Looking at the z-table, the z-value that gives an area below of .90 is 1.28
Since the test statistic does not fall in the critical region, we fail to reject the null
hypothesis. Conclusion: There is not sufficient sample evidence to support the claim
that more than 30% of people have been on a diet in the last year.

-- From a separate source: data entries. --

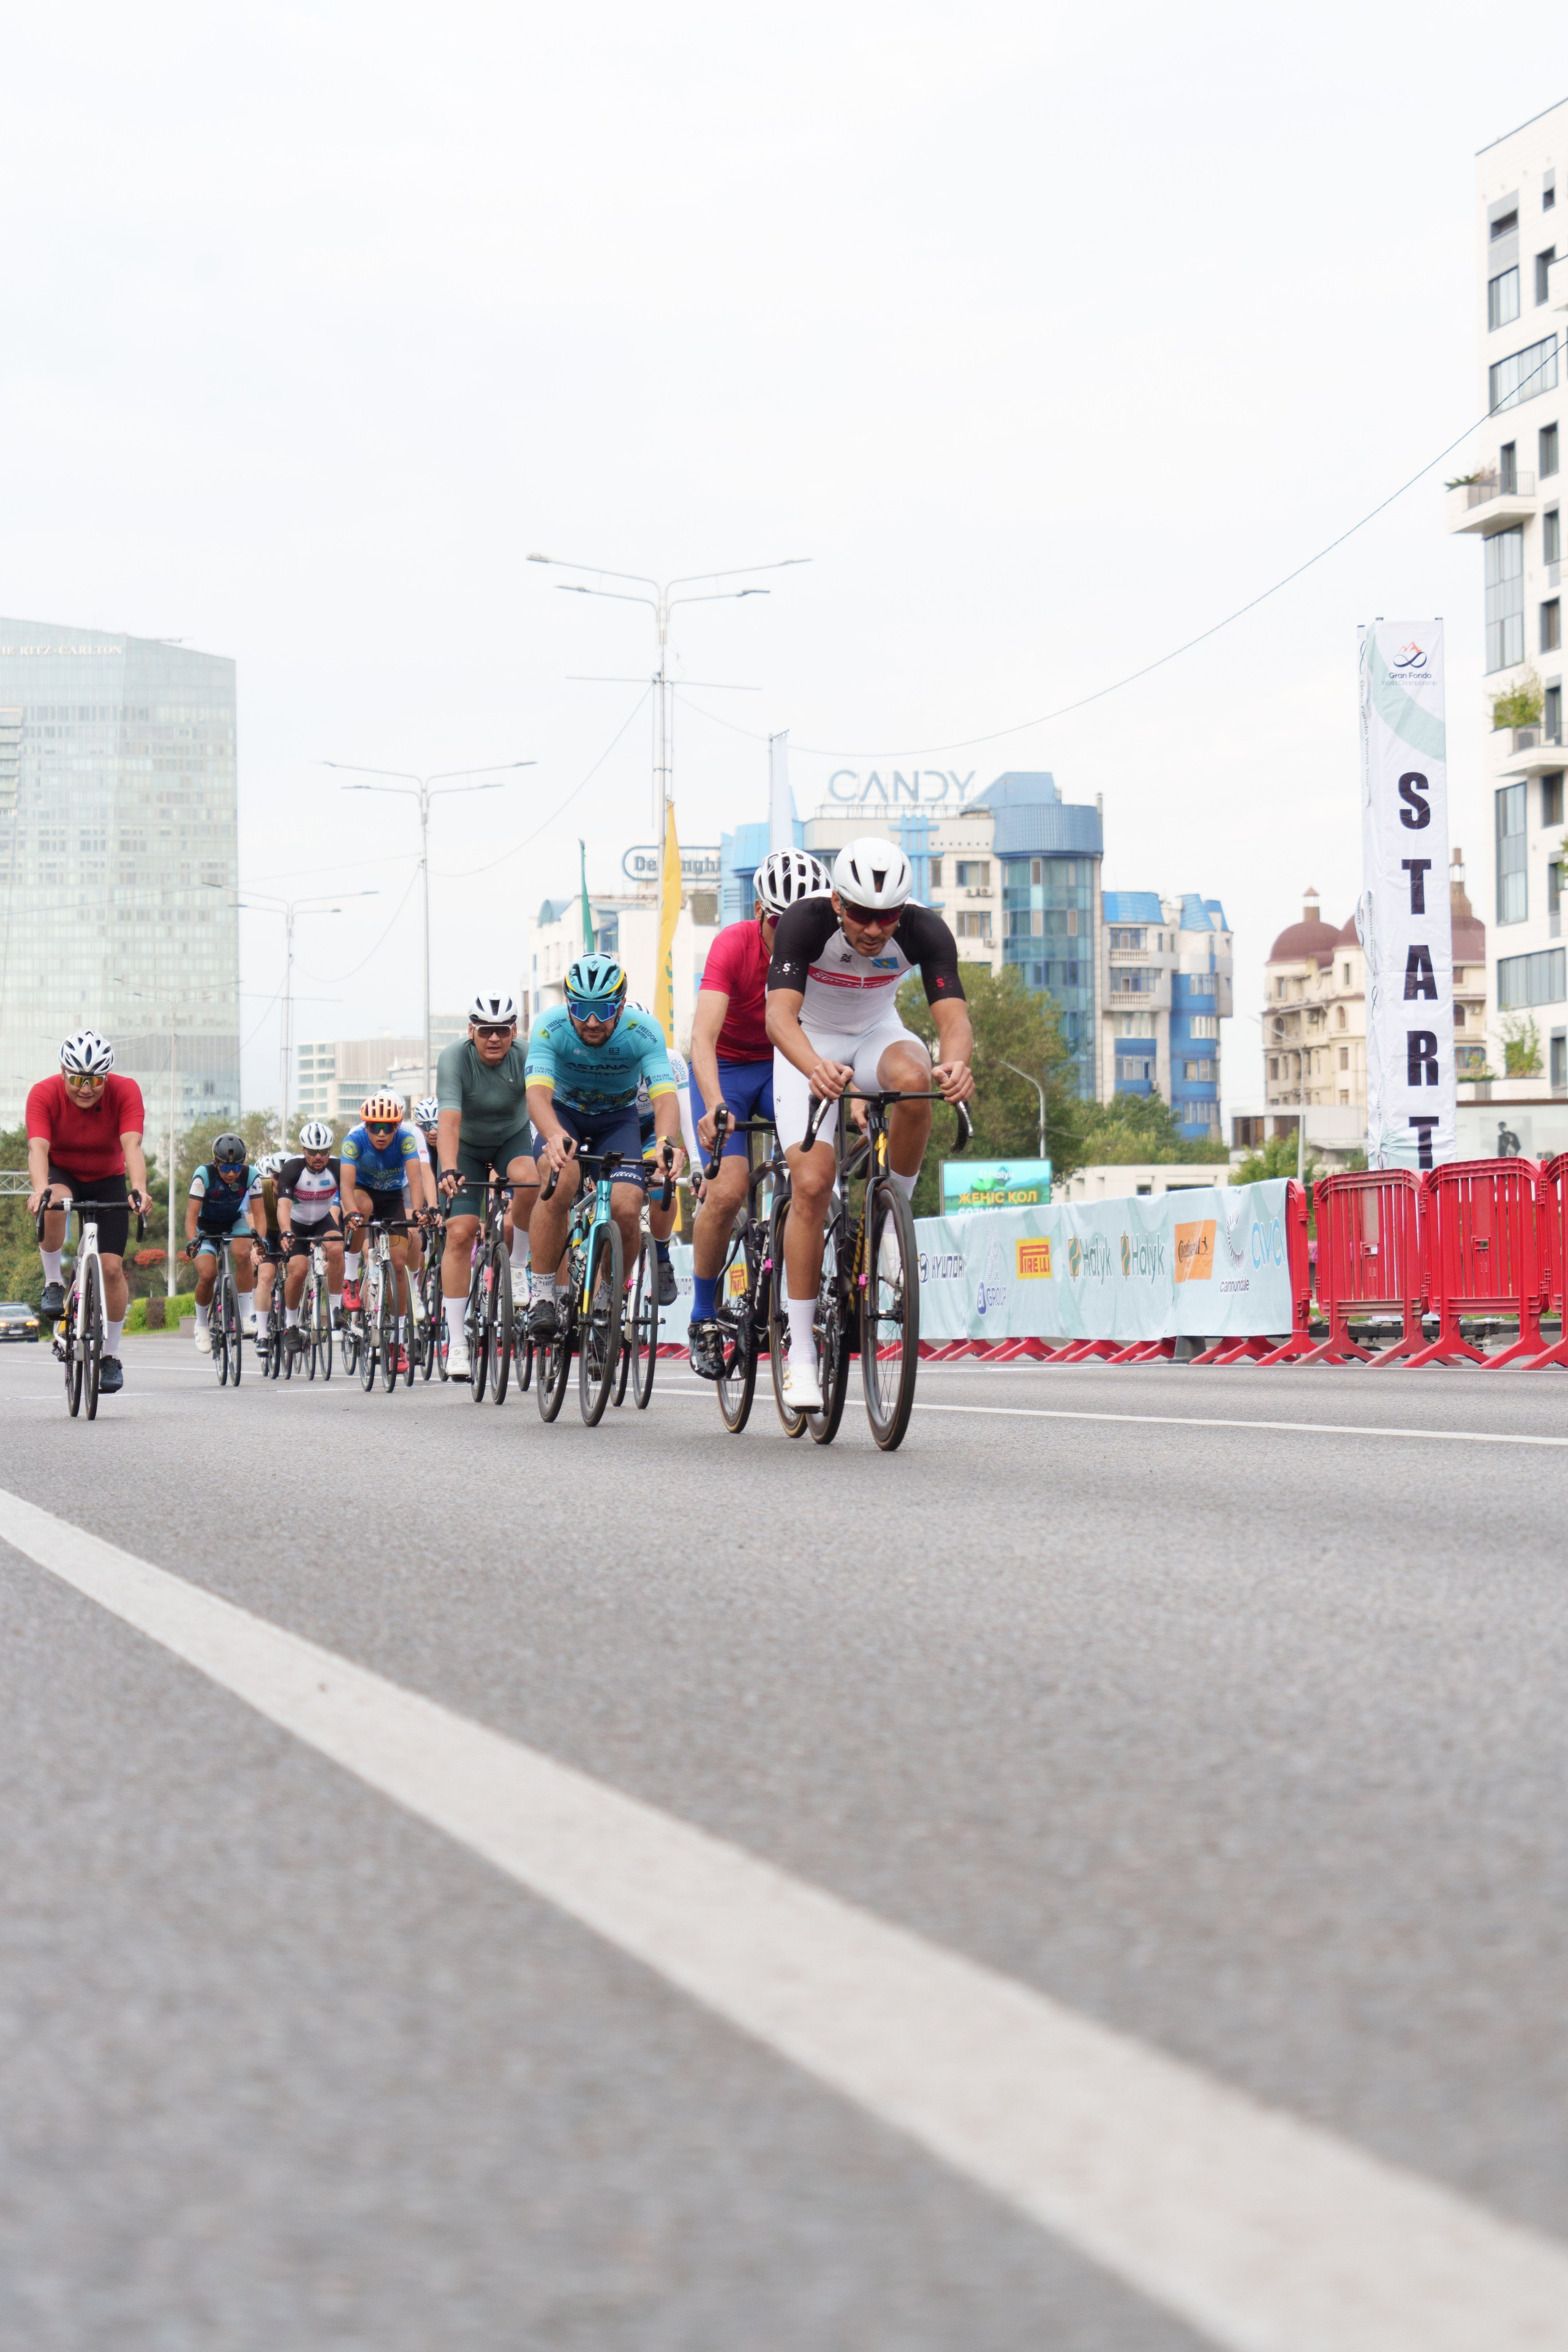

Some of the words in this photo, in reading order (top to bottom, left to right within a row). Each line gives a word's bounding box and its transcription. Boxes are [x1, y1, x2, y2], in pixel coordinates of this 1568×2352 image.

[828, 769, 976, 802] CANDY
[638, 1025, 658, 1043] FREEDOM
[671, 1060, 687, 1080] alatau
[1008, 1191, 1038, 1204] ҚОЛ
[1019, 1245, 1050, 1274] PIRELLI
[1080, 1236, 1112, 1286] Halyk
[1131, 1234, 1165, 1285] Halyk
[1219, 1276, 1250, 1293] cannondale
[986, 1287, 1006, 1308] GROUP
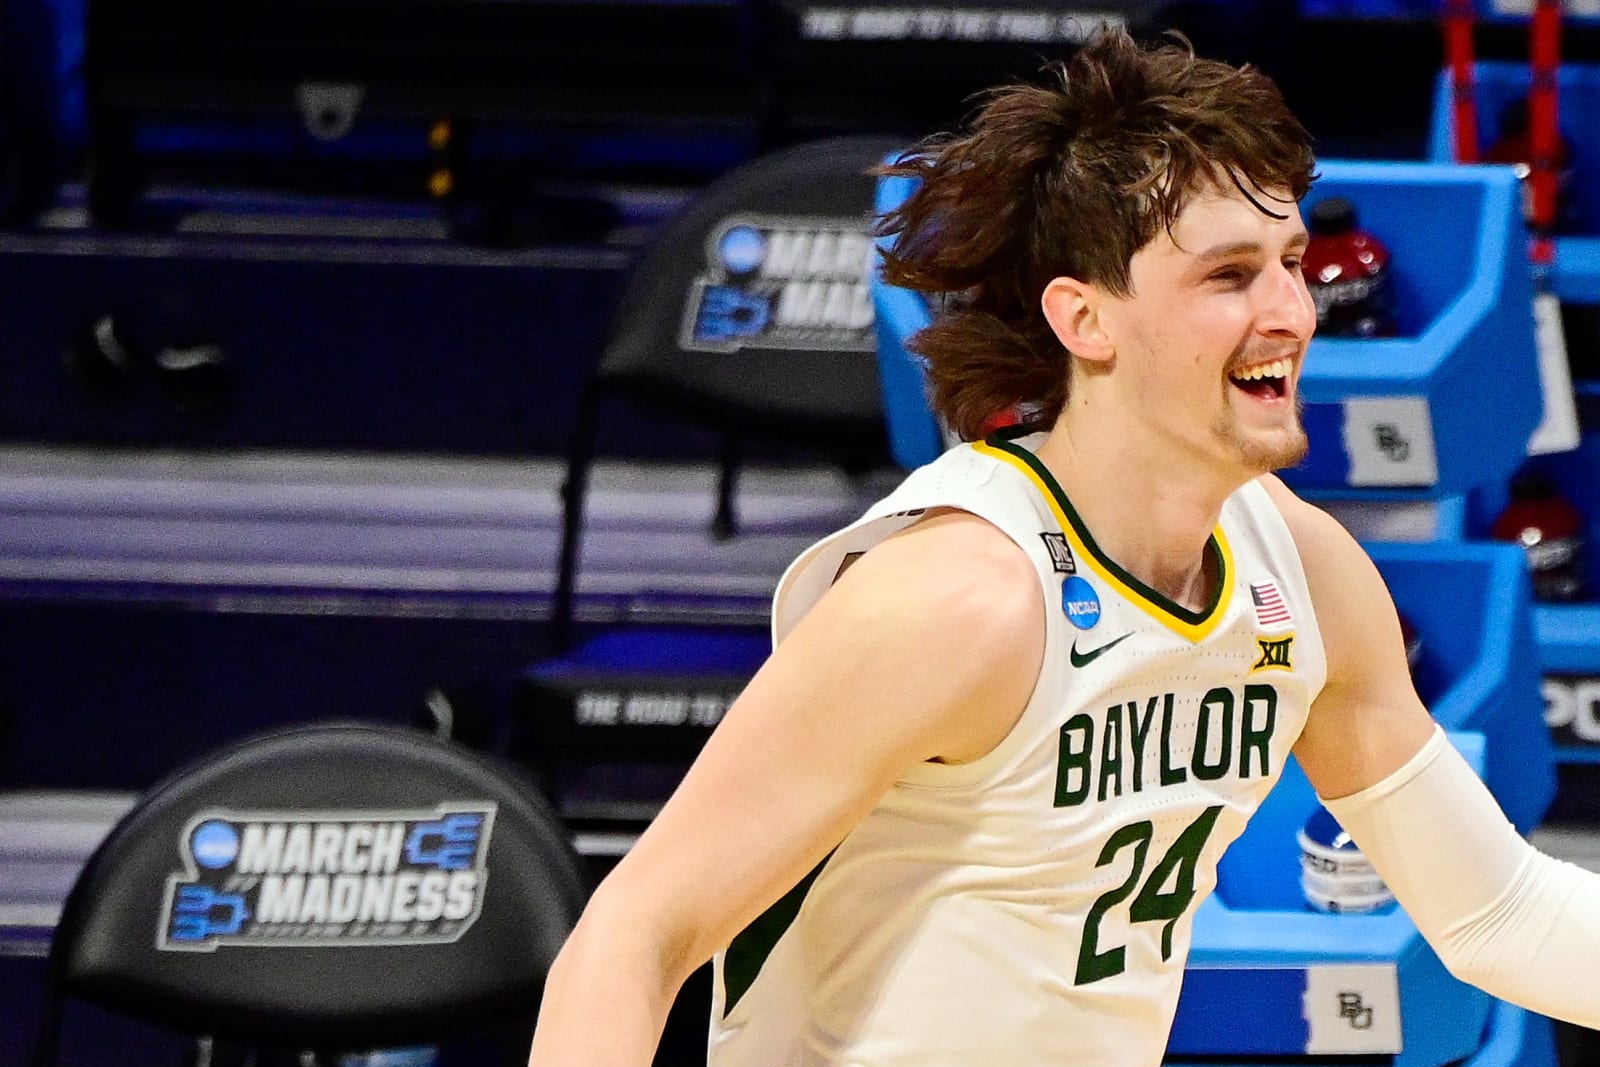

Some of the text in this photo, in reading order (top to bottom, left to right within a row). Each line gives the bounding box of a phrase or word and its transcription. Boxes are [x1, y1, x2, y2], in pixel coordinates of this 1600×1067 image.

[1067, 601, 1099, 616] NCAA
[1053, 684, 1278, 808] BAYLOR
[235, 821, 406, 875] MARCH
[255, 872, 478, 923] MADNESS
[1073, 804, 1226, 986] 24
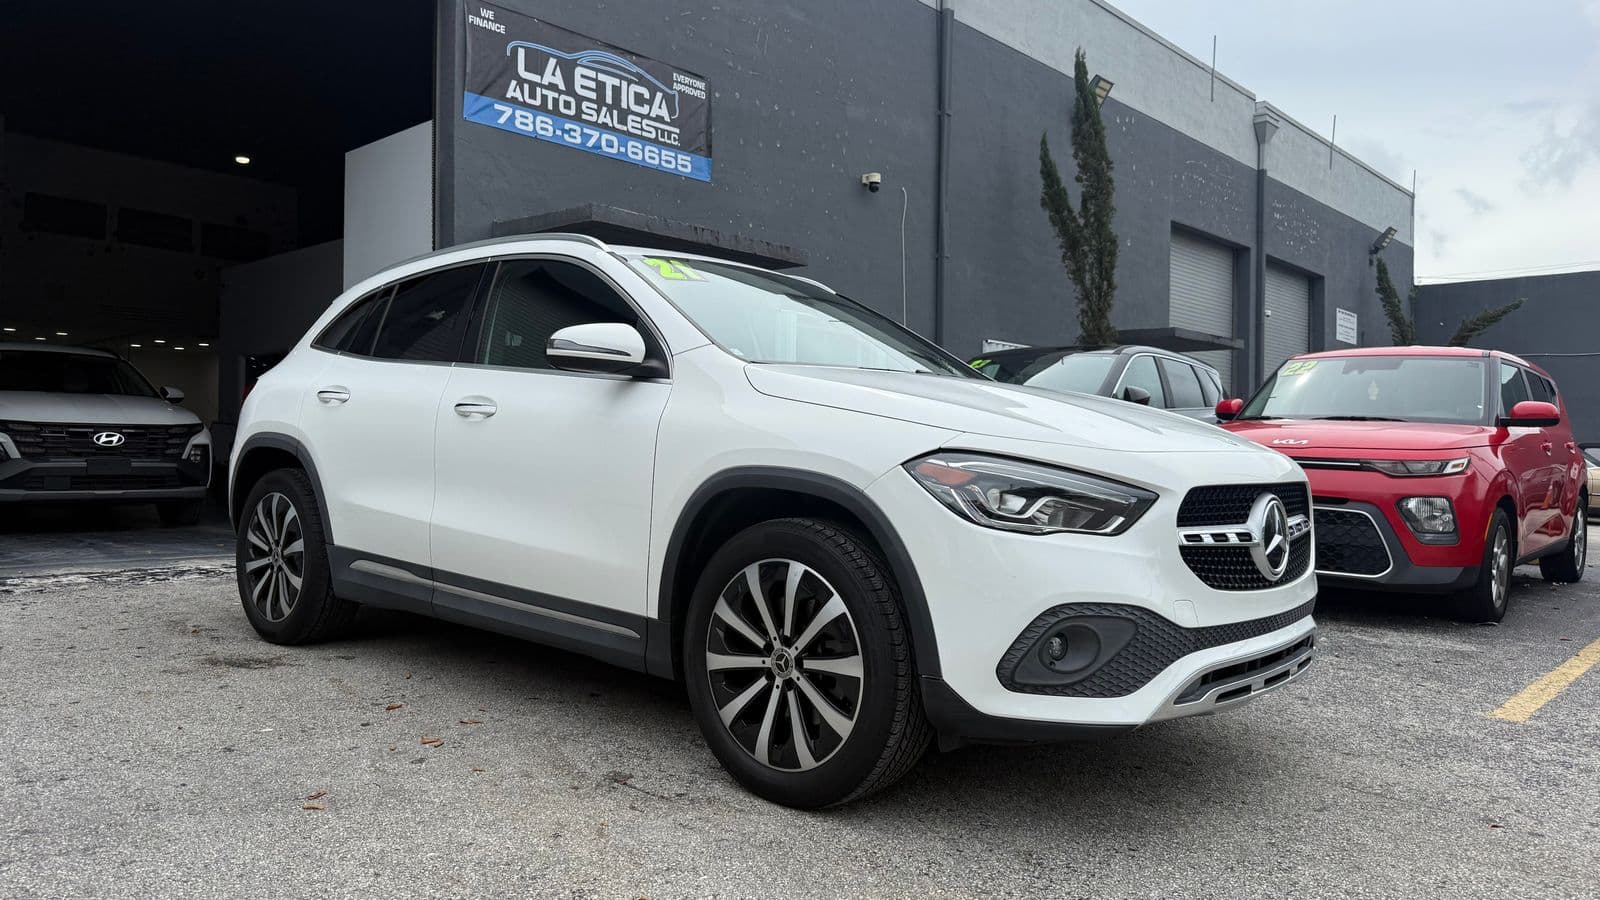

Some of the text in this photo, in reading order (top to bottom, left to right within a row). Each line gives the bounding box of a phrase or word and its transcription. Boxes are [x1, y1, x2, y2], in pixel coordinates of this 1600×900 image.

[481, 7, 494, 20] WE
[468, 14, 506, 34] FINANCE
[518, 47, 671, 122] LA ETICA
[673, 72, 706, 91] EVERYONE
[673, 82, 706, 99] APPROVED
[505, 79, 576, 116] AUTO
[581, 101, 659, 140] SALES
[494, 104, 692, 174] 786-370-6655
[1281, 360, 1318, 377] 22
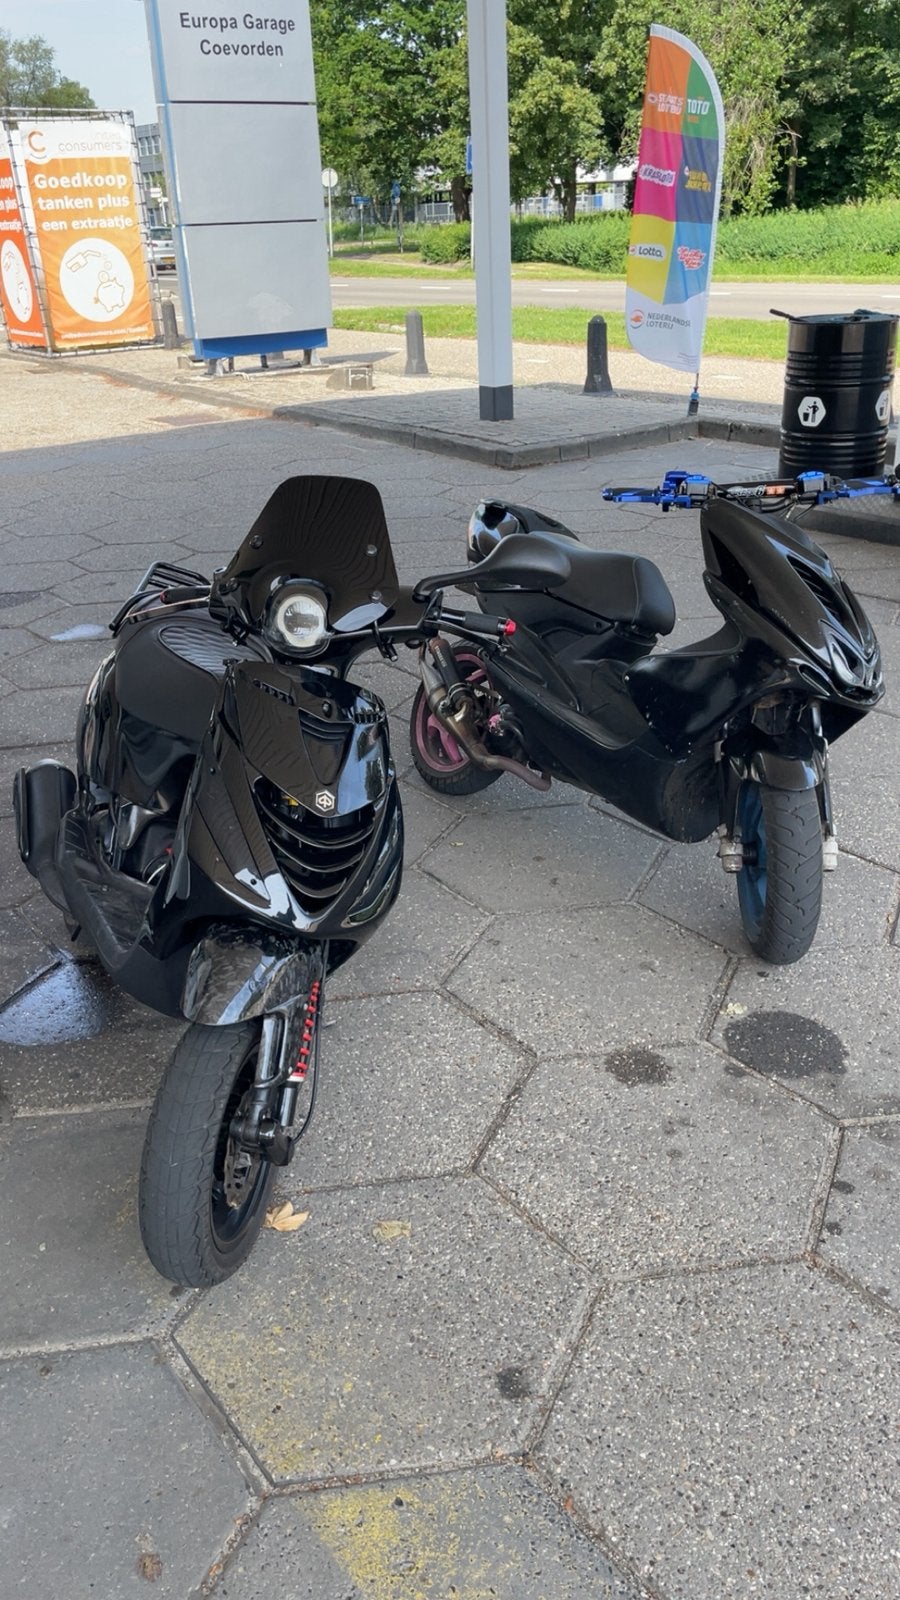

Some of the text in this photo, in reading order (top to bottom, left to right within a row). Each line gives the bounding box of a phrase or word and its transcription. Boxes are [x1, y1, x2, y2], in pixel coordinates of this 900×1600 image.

[179, 12, 295, 34] Europa Garage
[200, 39, 284, 56] Coevorden
[687, 99, 710, 115] TOTO
[58, 142, 122, 152] consumers
[34, 172, 127, 189] Goedkoop
[38, 194, 129, 210] tanken plus
[42, 215, 133, 231] een extraatje
[646, 320, 674, 330] LOTERIJ

8) A quality control agent randomly takes 56 bags of M&Ms off the production line.
She finds the mean number of M&Ms in each bag to be 56.8, with a standard
deviation of 1.44. Test the claim that the overall mean number of M&Ms in each bag
is at least 55. Test at the 5% significance level.
The claim is about a mean, so this is a means test. Claim: mu > 55
H0: mu = 55
H1: mu > 55 “Claim”
Alpha = 0.05
x-bar = 56.8, s = 1.44, n = 56
Test stat: t = (56.8 – 55) / (1.44/sqrt(56)) = 9.35
Critical t: Right tailed test, so 0.05 area in one tail, 55 degrees of freedom. From the ttable, the t critical value is 1.673
The test statistic is huge compared to the critical value, so the test statistic does fall in the
critical region, leading us to reject the null hypothesis.
Conclusion: The sample data support the claim that the mean number of M&Ms in each
bag is at least 55.
Math 281 – Chapter 8
1. In an experiment, subjects are briefly flashed different images in each eye, one
violent and one non-violent. The researchers want to test the claim that police
officers will identify more of the images as violent than people are not police officers.
To test this claim, they perform the experiment on a group of police officers and a
group of people who are not police officers. The police officers identified 26.2% of
the 800 images shown as violent. The comparison group identified 23.7% of the 600
images shown as violent.
a. Perform a P-value method hypothesis test with a significance level of 0.01,
clearly detailing each step, and writing the conclusion out in words.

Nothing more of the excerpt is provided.